Northern Lights in Vancouver?

I love astronomy, and have being since I was a little kid big enough to look down the eye piece of a telescope. So whenever I hear snippets of news about astrological events taking place, or about to take place, I usually jump on board and try and follow them. Today, I was haphazardly surfing the channels on TV when a news story broke out stating that there were reportedly three mass ejection from the Sun at the beginning of the week. Wow, I thought, Power grid failures, Northern Lights, how cool is that!

So I started surfing the net to find more information about the Solar event taking place. In the usual two to there seconds it takes to Google “Solar Flares” I got my answer. It appears that the Sun made up to three coronal mass ejections around Monday and Tues, which means that they should be heading this way, reaching us, by today and tomorrow.


For those who are not into astronomy, I think some things need to be cleared up and explained before you all get excited and start building bomb-shelters and buying up a years supply of food and water. The Earth will not be destroyed from this event. We get them all the time. But Solar Flares effect us in two ways.

First, they give us Aurora Borealis, or Northern Lights. However, becuase of the mass ejections, and their effect on the Earth’s Magnetosphere, people a lot further South will see them too. And the Lights should be entertaining with all the extra energy out from the ejections. So, if the clouds are not too overcast in your area, you should be in for a real treat.

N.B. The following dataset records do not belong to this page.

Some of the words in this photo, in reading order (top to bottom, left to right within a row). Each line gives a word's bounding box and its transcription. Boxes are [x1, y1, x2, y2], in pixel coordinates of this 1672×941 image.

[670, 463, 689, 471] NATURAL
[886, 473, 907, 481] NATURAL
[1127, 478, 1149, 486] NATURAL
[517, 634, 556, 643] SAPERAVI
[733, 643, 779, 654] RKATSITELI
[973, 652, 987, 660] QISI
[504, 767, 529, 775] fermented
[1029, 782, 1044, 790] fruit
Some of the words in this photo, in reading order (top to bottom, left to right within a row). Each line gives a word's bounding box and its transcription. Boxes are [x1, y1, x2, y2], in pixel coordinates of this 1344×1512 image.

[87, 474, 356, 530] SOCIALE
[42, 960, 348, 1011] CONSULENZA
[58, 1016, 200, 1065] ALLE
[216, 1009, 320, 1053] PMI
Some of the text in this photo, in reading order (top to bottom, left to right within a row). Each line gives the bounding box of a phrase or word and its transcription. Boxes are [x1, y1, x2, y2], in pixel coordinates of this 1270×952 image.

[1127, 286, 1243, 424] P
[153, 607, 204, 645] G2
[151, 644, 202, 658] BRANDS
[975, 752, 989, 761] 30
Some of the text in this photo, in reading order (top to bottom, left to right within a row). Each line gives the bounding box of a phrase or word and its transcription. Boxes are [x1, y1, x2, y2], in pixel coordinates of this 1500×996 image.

Second, becuase these are charged partials hitting the Earth with lots of energy and speed, they play havoc with our technology, mainly our power grids and communications networks. Radio and power disruptions have happened before, so be prepared for that, but it will be temporary.

It takes light roughly Eight minutes and Thirty seconds to reach earth given off by the Sun. Since these particles are made of energy and matter, they travel a lot slower than light. It usually takes about three days for these particles to reach Earth.

So starting tonight, look up at the sky, if you can, and hopefully you will be entertained by the Northern Light reaching this far South. However, Vancouver, BC is notorious for its clouds, so do not hold your breath as the weather forecast does not look good.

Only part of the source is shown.